Phrase grounding data:
BEGIN

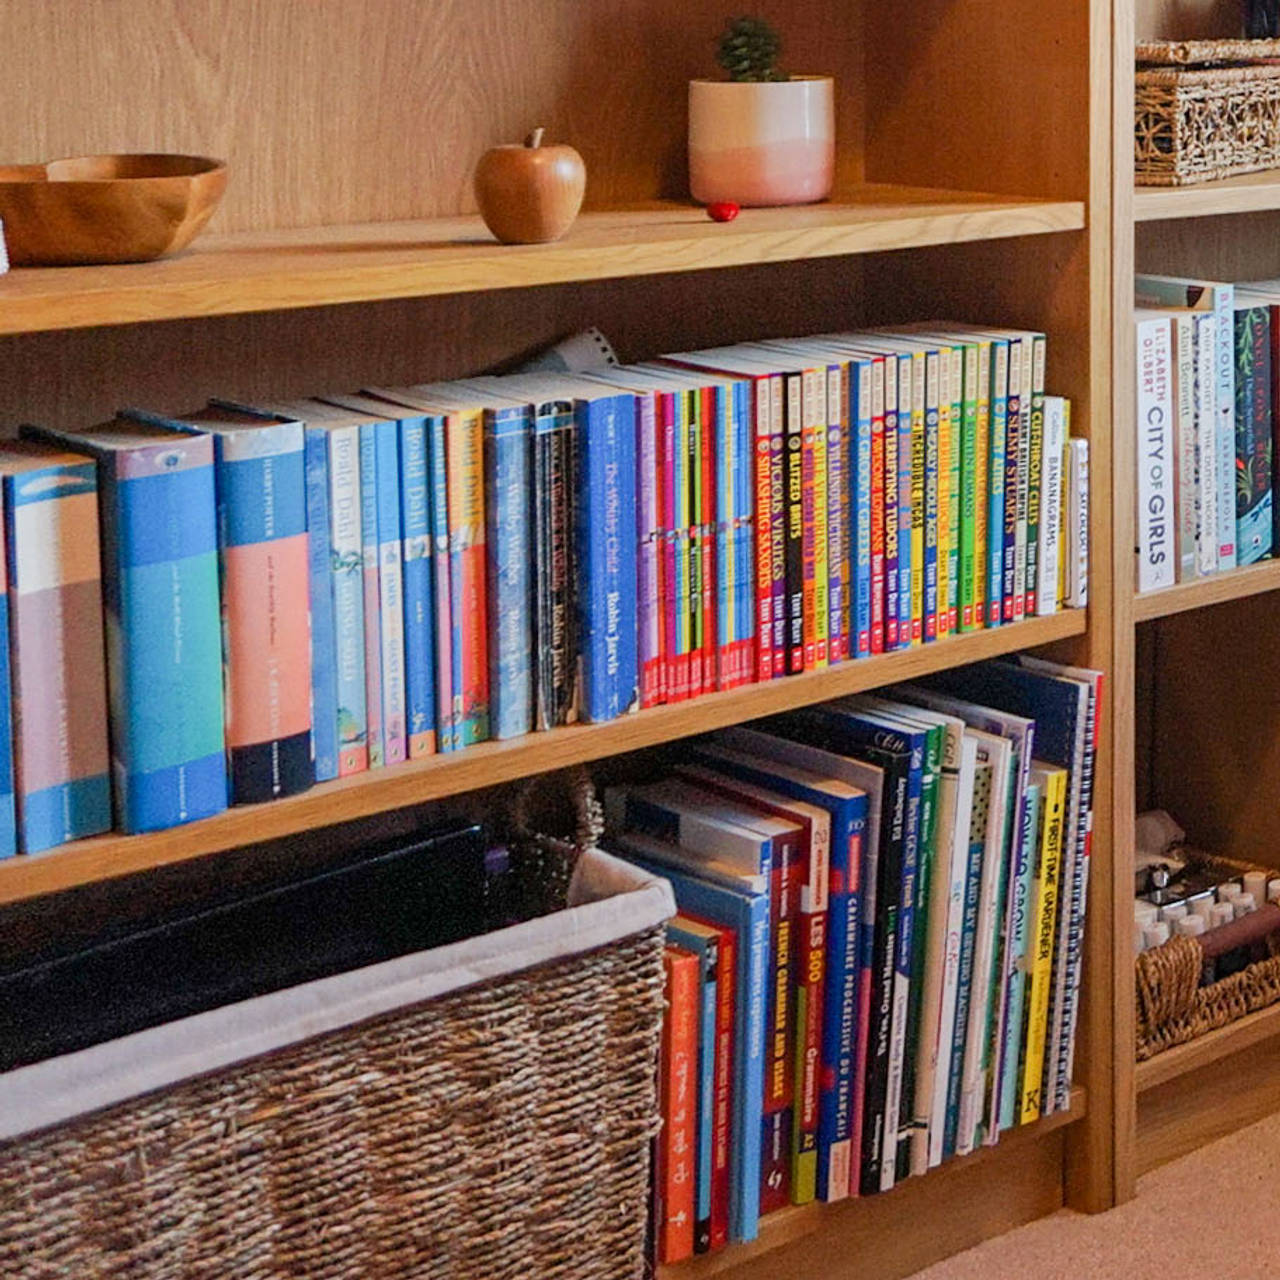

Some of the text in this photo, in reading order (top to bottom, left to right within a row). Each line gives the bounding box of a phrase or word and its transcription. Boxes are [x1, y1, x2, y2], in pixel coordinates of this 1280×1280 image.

[1154, 327, 1167, 402] ELIZABETH
[1180, 326, 1192, 417] Alan Bennett
[1219, 293, 1231, 390] BLACKOUT
[406, 427, 424, 530] Roald Dahl
[911, 429, 924, 530] INCREDIBLE INCAS
[963, 421, 974, 519] ROTTEN ROMANS
[993, 416, 1004, 455] ANGRY
[1005, 415, 1018, 534] SLIMY STUARTS
[1027, 411, 1041, 525] CUT-THROAT CELTS
[1147, 406, 1165, 566] CITY OF GIRLS
[334, 436, 353, 542] Roald Dahl
[758, 455, 770, 589] SMASHING SAXONS
[772, 455, 784, 581] VICIOUS VIKINGS
[789, 452, 801, 539] BLITZED BRITS
[828, 443, 841, 579] VILLAINOUS VICTORIANS
[858, 438, 871, 567] GROOVY GREEKS
[885, 427, 898, 560] TERRIFYING TUDORS
[1004, 545, 1015, 594] TERRY DEARY
[1026, 540, 1038, 589] TERRY DEARY
[550, 604, 564, 688] Robin Jarvis
[605, 592, 619, 676] Robin Jarvis
[891, 777, 907, 841] Ed Emberley
[903, 797, 919, 909] Revise GCSE French
[810, 915, 823, 948] LES
[1037, 817, 1060, 960] FIRST-TIME GARDENER
[808, 950, 821, 983] 500
[953, 853, 983, 1048] ME AND MY SEWING MACHINE
[772, 922, 789, 1099] FRENCH GRAMMAR AND USAGE
[834, 898, 858, 1140] GRAMMAIRE PROGRESSIVE DU FRANÇAIS
[803, 1047, 817, 1124] Grammaire
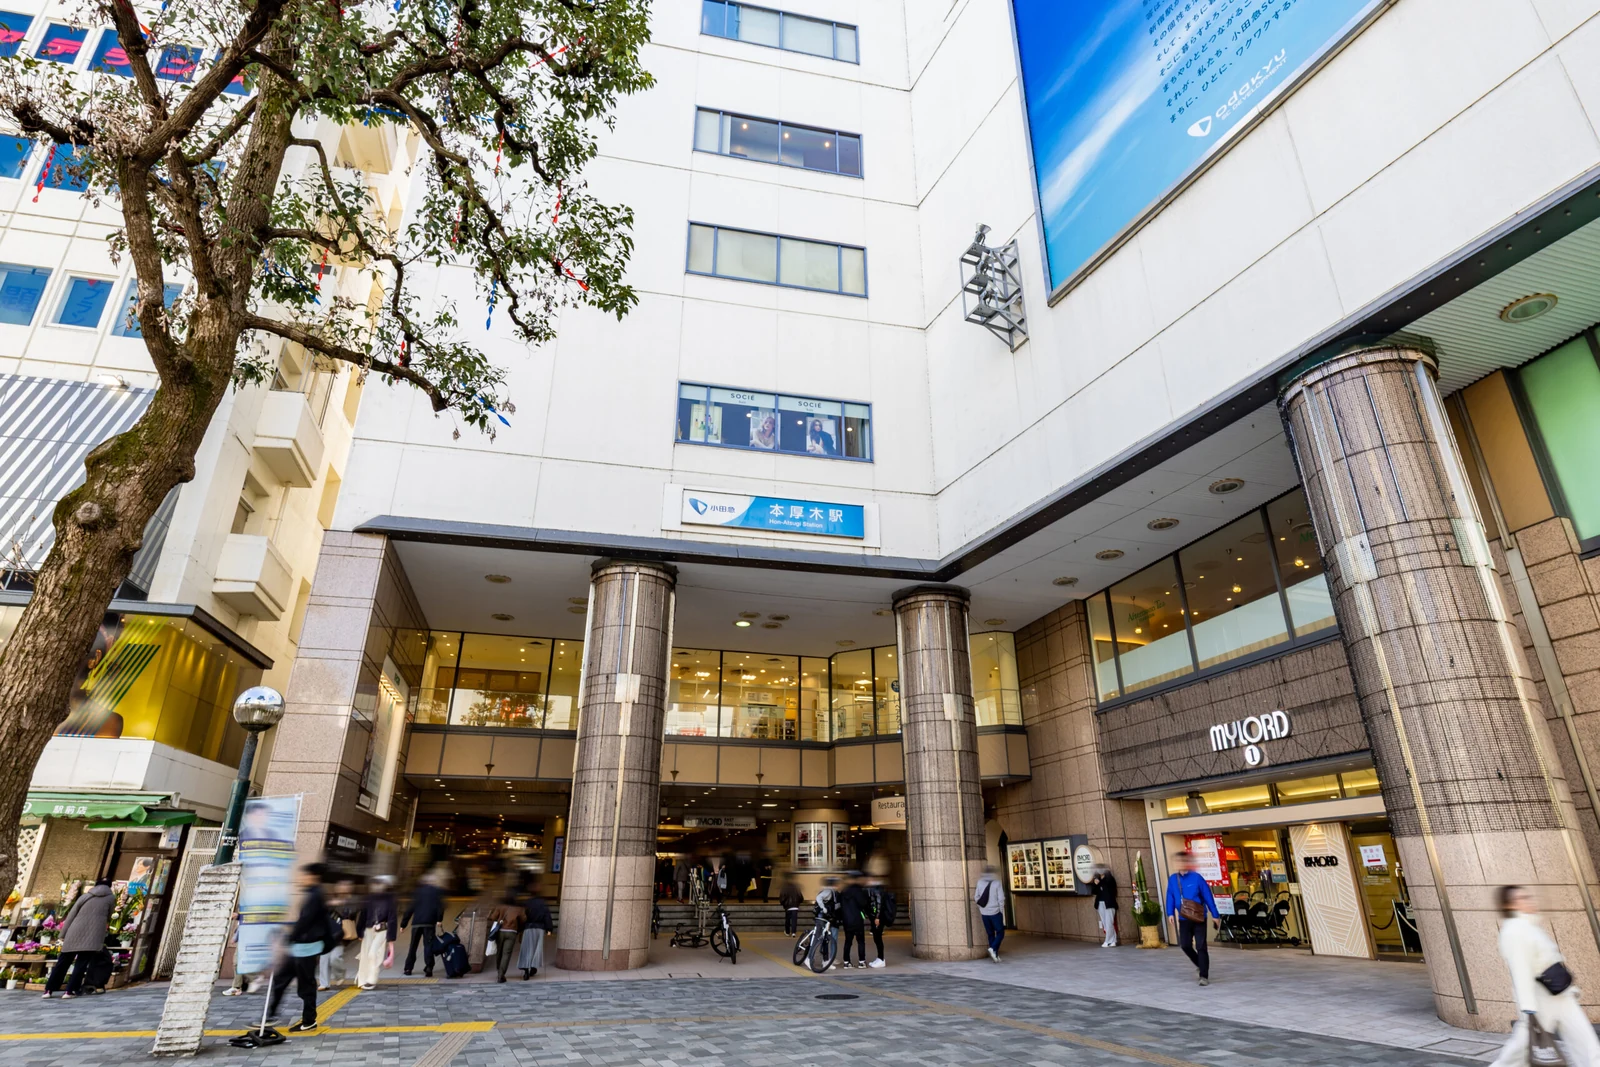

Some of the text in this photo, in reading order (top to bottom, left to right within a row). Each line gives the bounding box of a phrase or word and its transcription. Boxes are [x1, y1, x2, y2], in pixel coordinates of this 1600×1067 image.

[1231, 56, 1288, 113] DEVELOPMENT
[710, 505, 736, 514] 小田急
[769, 503, 843, 523] 本厚木駅
[769, 518, 823, 529] Hon-Atsugi Station
[1210, 711, 1291, 751] MYLORD
[52, 804, 88, 815] 駅前店

END

● **What the exercise asks**:
What you give back should match the entries above exactly, except that pictures are dropped.

● **Problem solution**:
Some of the text in this photo, in reading order (top to bottom, left to right within a row). Each line gives the bounding box of a phrase or word and its transcription. Boxes are [x1, y1, x2, y2], in pixel coordinates of this 1280×1280 image.

[1154, 327, 1167, 402] ELIZABETH
[1180, 326, 1192, 417] Alan Bennett
[1219, 293, 1231, 390] BLACKOUT
[406, 427, 424, 530] Roald Dahl
[911, 429, 924, 530] INCREDIBLE INCAS
[963, 421, 974, 519] ROTTEN ROMANS
[993, 416, 1004, 455] ANGRY
[1005, 415, 1018, 534] SLIMY STUARTS
[1027, 411, 1041, 525] CUT-THROAT CELTS
[1147, 406, 1165, 566] CITY OF GIRLS
[334, 436, 353, 542] Roald Dahl
[758, 455, 770, 589] SMASHING SAXONS
[772, 455, 784, 581] VICIOUS VIKINGS
[789, 452, 801, 539] BLITZED BRITS
[828, 443, 841, 579] VILLAINOUS VICTORIANS
[858, 438, 871, 567] GROOVY GREEKS
[885, 427, 898, 560] TERRIFYING TUDORS
[1004, 545, 1015, 594] TERRY DEARY
[1026, 540, 1038, 589] TERRY DEARY
[550, 604, 564, 688] Robin Jarvis
[605, 592, 619, 676] Robin Jarvis
[891, 777, 907, 841] Ed Emberley
[903, 797, 919, 909] Revise GCSE French
[810, 915, 823, 948] LES
[1037, 817, 1060, 960] FIRST-TIME GARDENER
[808, 950, 821, 983] 500
[953, 853, 983, 1048] ME AND MY SEWING MACHINE
[772, 922, 789, 1099] FRENCH GRAMMAR AND USAGE
[834, 898, 858, 1140] GRAMMAIRE PROGRESSIVE DU FRANÇAIS
[803, 1047, 817, 1124] Grammaire

Some of the text in this photo, in reading order (top to bottom, left to right within a row). Each line gives the bounding box of a phrase or word and its transcription. Boxes are [x1, y1, x2, y2], in pixel coordinates of this 1600×1067 image.

[1231, 56, 1288, 113] DEVELOPMENT
[710, 505, 736, 514] 小田急
[769, 503, 843, 523] 本厚木駅
[769, 518, 823, 529] Hon-Atsugi Station
[1210, 711, 1291, 751] MYLORD
[52, 804, 88, 815] 駅前店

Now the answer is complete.